## THE TASK
Write out the full set of records exactly. Any pictures in them do not belong in the copy.

## RECORDS SUPPLIED
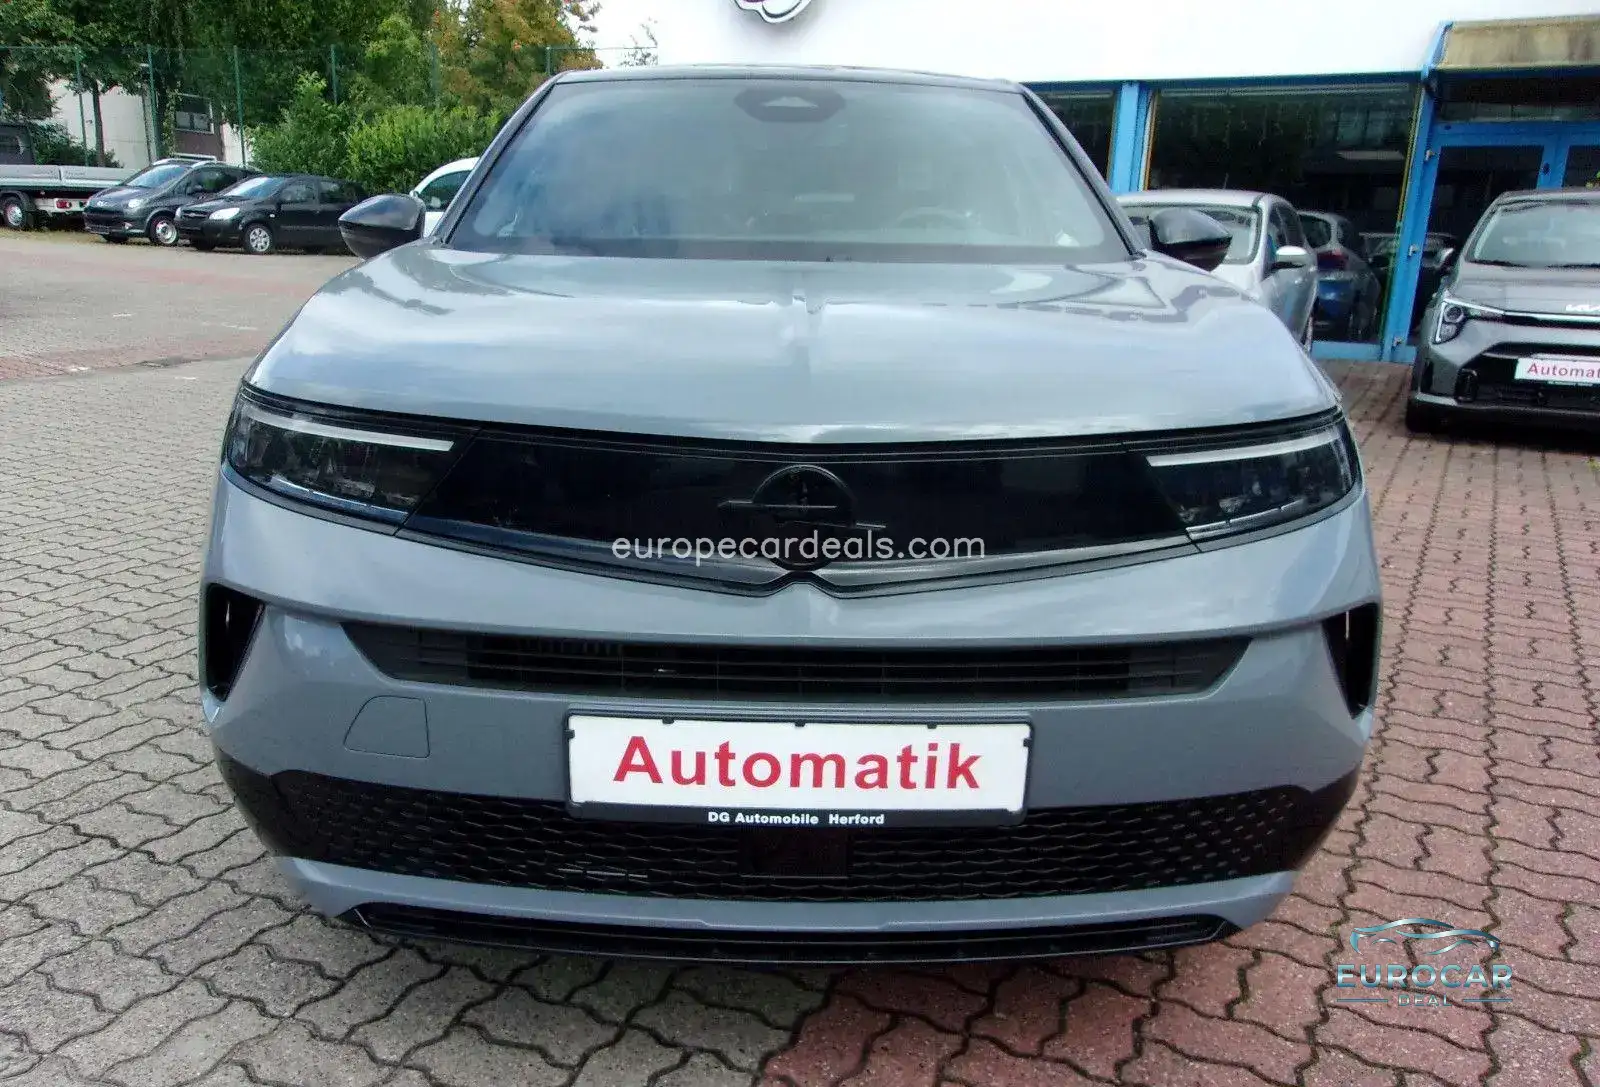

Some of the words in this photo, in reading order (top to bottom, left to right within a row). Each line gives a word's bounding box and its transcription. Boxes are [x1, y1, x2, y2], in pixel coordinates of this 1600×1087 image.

[612, 735, 983, 790] Automatik
[707, 811, 730, 823] DG
[734, 812, 819, 825] Automobile
[828, 813, 886, 825] Herford

## ANSWER TO THE PROBLEM
Some of the words in this photo, in reading order (top to bottom, left to right within a row). Each line gives a word's bounding box and its transcription. Boxes are [x1, y1, x2, y2], in pixel coordinates of this 1600×1087 image.

[612, 735, 983, 790] Automatik
[707, 811, 730, 823] DG
[734, 812, 819, 825] Automobile
[828, 813, 886, 825] Herford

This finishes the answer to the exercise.